Thursday, August 6, 2009

lots...and lots...and lots of glimpses

i feel like i've been living my life in glimpses the last few weeks..
random glimpses of little girl marci.
random glimpses of older responsible marci (who doesn't seem to exist yet but quite possibly is out there).
i'd like to share some of my random glimpses with you, blogging world.

first, some short lil glimpses of our summer:

we've done lots of inflatable-pool-swimming-in-the-backyard...which means naked baby bums are completely acceptable and adorable (but for the sake of the publicness of this blog, i will not be posting pictures of naked bums at this time. instead, here's a super happy cheesy grin...always present with ellie while swimming).

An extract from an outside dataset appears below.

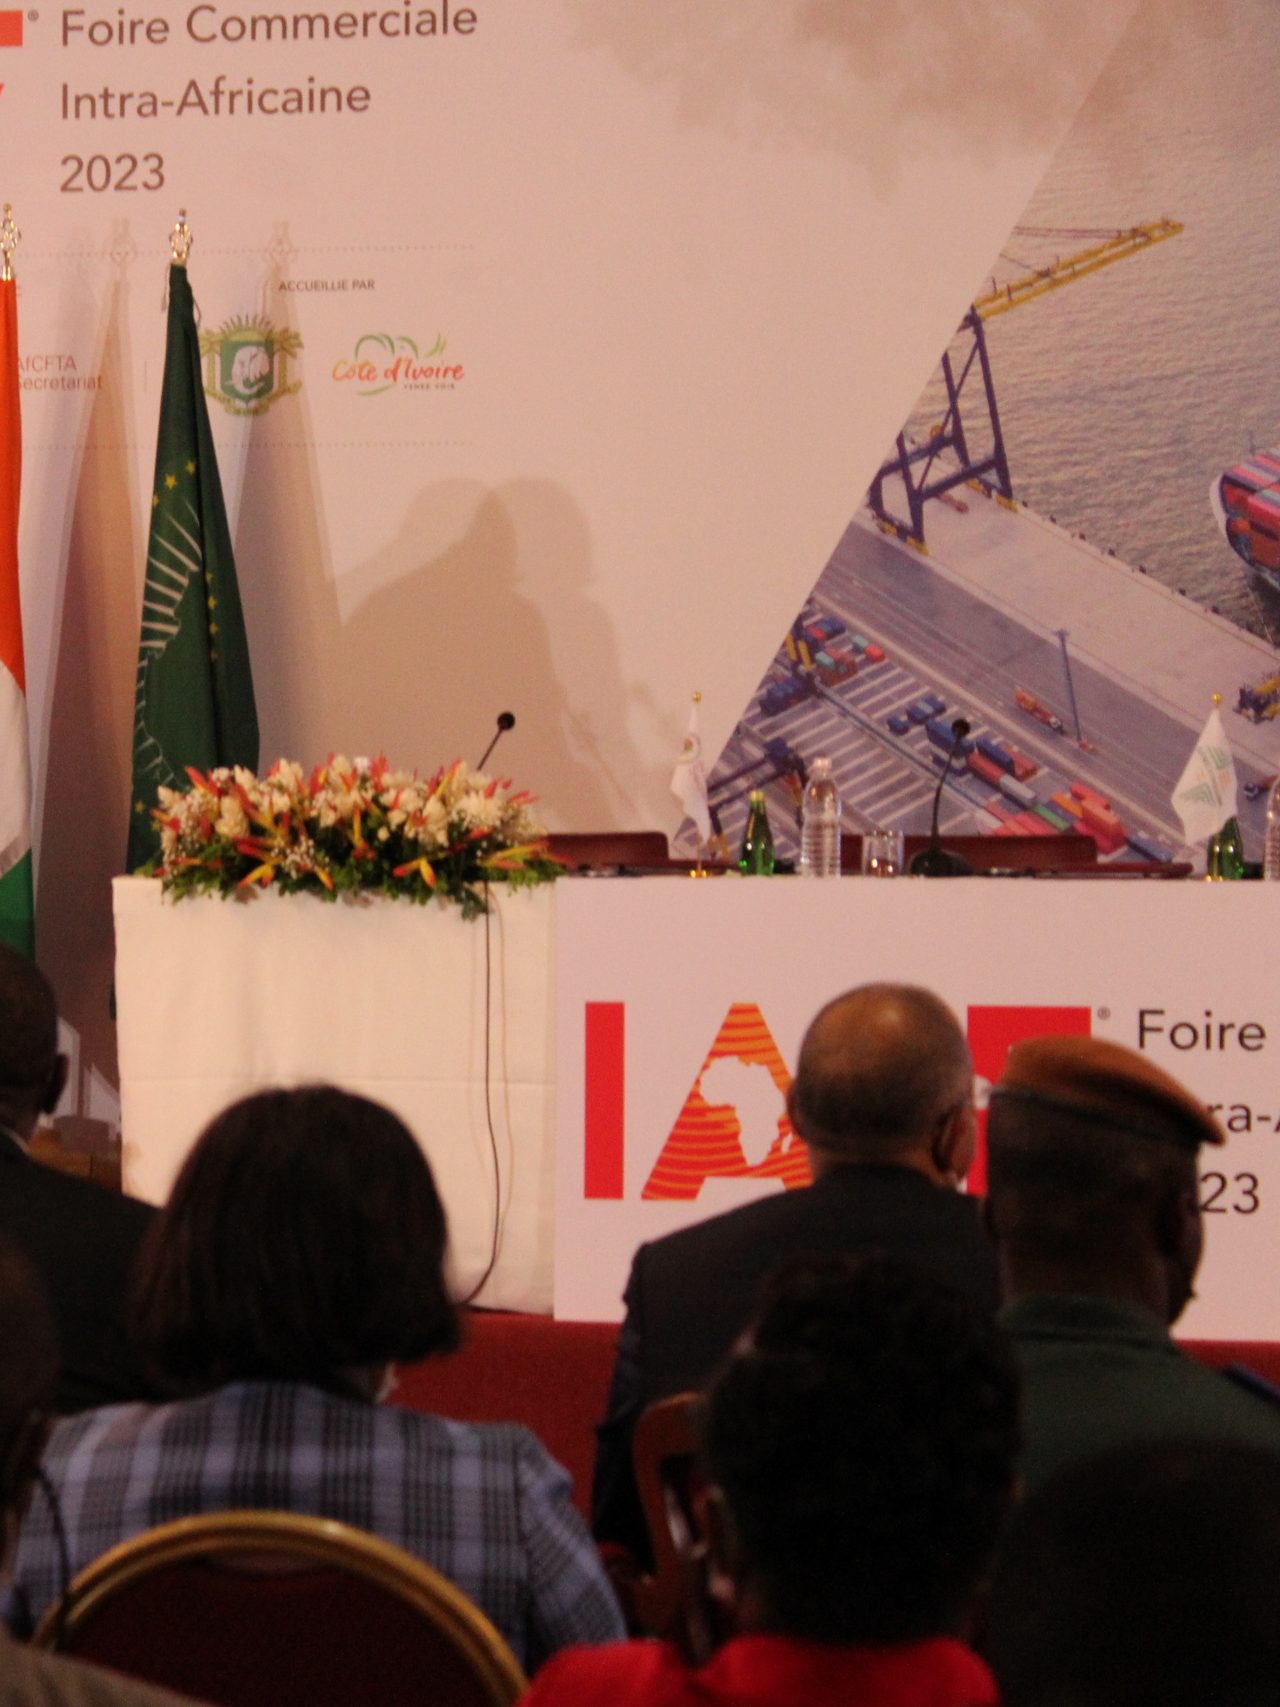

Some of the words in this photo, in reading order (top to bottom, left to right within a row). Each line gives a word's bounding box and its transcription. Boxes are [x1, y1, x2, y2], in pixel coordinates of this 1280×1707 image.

we enjoyed our first little family getaway to Park City where we pulled the mattress from the bedroom into the living room space and taught ellie how to jump on the bed. she was very impressed.


we've solidified friendships and family-ships by having bbq's, talking on the porch till wee hours of the night, going to the discovery gateway, swimming, cooking, conversing, and laughing while enjoying the air-conditioned family room, going to st. george to enjoy delicious food, laughs, movies, the HEAT, swimming, a GORGEOUS house, more laughs, crazy children, dinkles (thats for you traverteen), and relaxation...all to realize that our time together is growing very short. (below you will enjoy a random assortment of summertime pictures ranging from museums to st georgisms).
ellie's first time to discovery gateway:


who do you think taught her how to do that???

some glimpses from our awweeeesome trip to st. george:









now, back to the glimpses.......

we relived my kaysvilleness while my parents/sista escapaded along the islands of hawaii....

i had glimpses of a few things:

1. taking care of a big house is a lot harder than you'd think. while there's more space, there's more space to get messy. which means more to pick up. and clean.

2. watering pots of flowers is kind of stressful. i found myself overwhelmed with thoughts, "is that leaf brown because of me? did i over water it? did i under water it? how can i be sure?"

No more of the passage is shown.